Node.js streams and highWaterMark

Hi,

I have been working with streams for a long time. When I started working on programming few years ago, I first start with the basics in web development such as HTML, CSS. Afterward PHP comes and for long remain and is still one of my favorite language. I liked it because PHP is easy, flexible, POO is not a mandatory and easily you can build a really well working architecture with it even if you are not an expert. All of this to say that I did work with stream in PHP and now the I am doing the same with Node.js.

Stream for what?

I worked on https://simply-debrid.com for quite a long time now. The simple idea behind this is nothing more than taking a remote stream and send it back to the client acting like a proxy. Interesting thing is to get pause/resume support.

To do this I worked with streams and sockets.

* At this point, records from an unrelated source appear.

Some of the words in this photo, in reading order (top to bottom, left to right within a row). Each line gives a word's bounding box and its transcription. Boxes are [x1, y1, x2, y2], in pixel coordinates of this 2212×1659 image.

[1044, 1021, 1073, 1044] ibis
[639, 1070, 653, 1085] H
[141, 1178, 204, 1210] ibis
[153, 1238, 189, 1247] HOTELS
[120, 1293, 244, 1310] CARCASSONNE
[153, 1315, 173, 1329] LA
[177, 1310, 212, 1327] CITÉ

Steps are the following one:

  1. Connect to the remote stream
  2. Read chunks
  3. Write chunks to the client

I did this with the following PHP's functions:

This worked good but in a specific version of this especially when I wanted to bind to a specific network interface I also used socket based function to define my connection.

I used:

You can do the same with Node.js and it's even easier.

So remember the global idea. We want to proxify a ressource over a network see the following schema:

**RESSOURCE --> SERVER --> CLIENT**

The client is getting a resource from a predefined url schema and then resource is fetched according to the specified inputs.

Node.js stream

Few years ago when I started Node.js I wanted to do exactly the same thing I was doing for a few time in PHP. So I look into Node.js and I dig into it.

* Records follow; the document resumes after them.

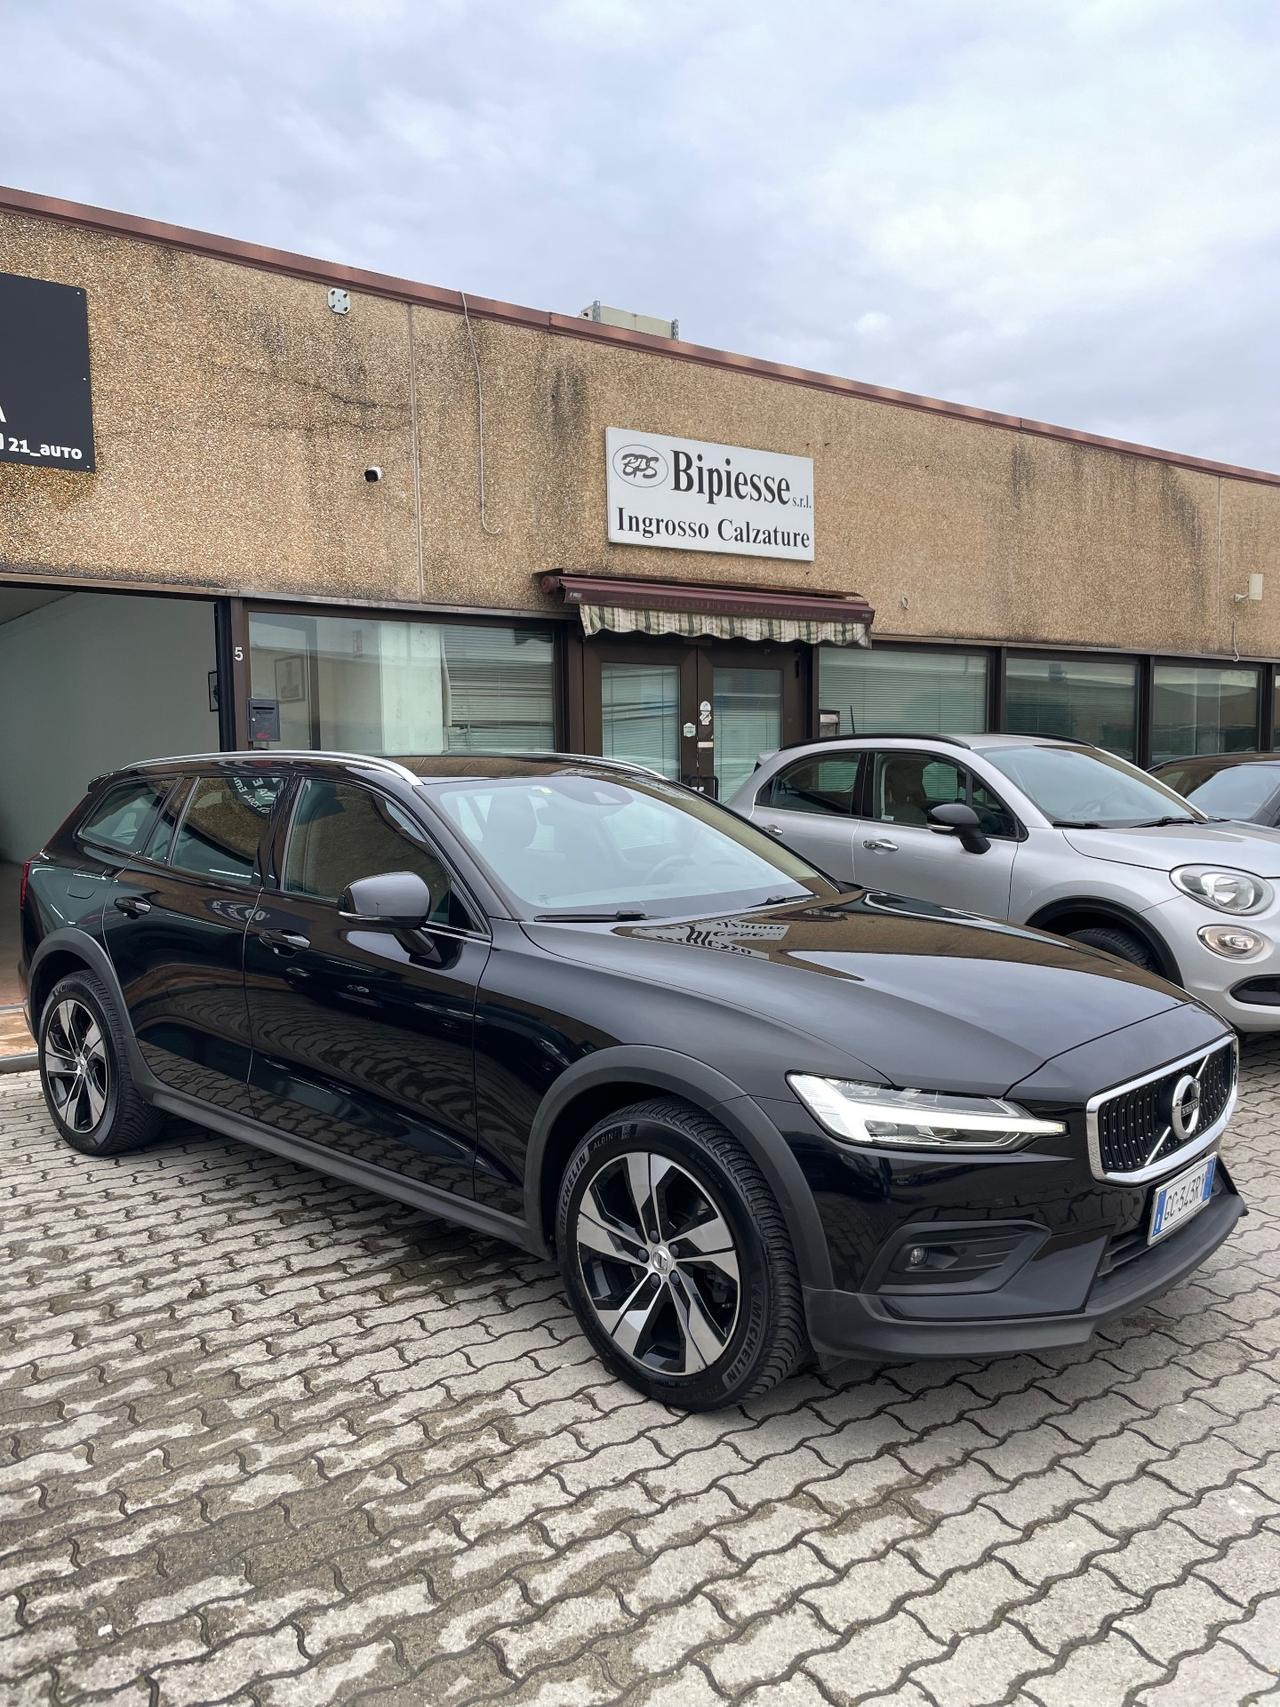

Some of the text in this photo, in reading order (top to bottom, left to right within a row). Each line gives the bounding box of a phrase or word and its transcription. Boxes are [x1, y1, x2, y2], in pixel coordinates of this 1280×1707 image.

[669, 449, 791, 505] Bipiesse
[617, 506, 810, 549] Ingrosso Calzature
[234, 646, 244, 661] 5
[560, 1151, 587, 1230] MICHELIN
[726, 1300, 762, 1384] MICHELIN

Node.js stream are now composed by 3 main entities:

  • Writable Streams
  • Readable Streams
  • Transform Streams

For my needs I used:

  • request
  • pipe (native) then it turn to pump
  • http Node.js core module

So it's easy with Node.js, it work like this:

  • Sream A const remote = request('http://example.com/ressource.sql')

From now you are almost done, next create your listening server in order to accept clients requests. Obviously you will have to parse your data, url requests and everything. I did it with http Node.js core module, but you can also do it with express or any other web framework able to setup a web server for you.

const http = require('http')
http.createServer((req, res) => {
  /*do whatever you want and parse everything..
    ...then pipe data to client*/
}).listen(8080)

This is exactly how It worked for me:

  1. I created the web server
  2. I defined a remote resource
  3. I streamed response to the client

Now server is ready to handle requests, remote resource is set. Note that when requesting a resource with request it return a Readable Stream.

From now pump will do the rest as usual .

pump(req, remote, res, (err) => {
  if(err){
    console.log(err)
  }else{
    console.log('Downloaded ended, stream closed')
  }
})

This is working like a charm . At first when I was not working with pump, I had a lot of issues since I needed to deal with all emitted event. I also wanted to track down when a stream was finished or closed, paused, resumed and everything and this could be very tricky, pump really helps for this.

This has been almost good for me, but I did had another issue where this article is all about. Lately when I worked with PHP, I used fread see function signature:
string fread ( resource $handle , int $length )

So fread is taking our resource and a length, length stand for the size of each chunk you will read and keep into your internal buffer (memory). I wanted to deal with this value in the same way as PHP with Node.js since I realize I was buffering too much data. The problem is when you have a lot of traffic you will also have multiple fulfilled buffers, meaning you will temporary fetch more data than really sent it out to the client. Then your bandwidth is not symmetric upload and download bandwith are not synchronized to the client (extra bandwidth consuming). Size of buffer is managed by highWaterMark. This is an internal value related to Node.js streams.

It says:
highWaterMark Buffer level when stream.write() starts returning false. Defaults to 16384 (16kb), or 16 for objectMode streams.

Meaning buffer is 16kb by default and you will fill it until 16kb then stop gathering data until you did not drain your buffer. I wanted to modify and lower this value in the aim of reducing the amount of extra bandwidth usage, getting a more client-synchronized stream. Actually that was the case with PHP since fread was reading chunk of 512 bytes. However it's not that easy when you are using request (http built-in core module wrapper with extra value) since the response is directly using the core built-in stream.Readable class of Node.js. In documentation they show how to extend this class and customized it, it worked for me but I still don't know how to make it as default or even override the core class, my bad . Anyway I did ask how to do this few months ago on Github how to set highWaterMark #2333 no one answer from now and out of someone else is also facing the same issue.

I did not implemented it yet, but a solution should be to do not use request or any other request module. Indeed I thought about got module which does sound good and promising but has no options to specify the way stream.Readable answer is returned. Then use directly the http.get option with a customized (inherited version) of stream.Readable, see [Implementing a Readable Stream](Implementing a Readable Stream).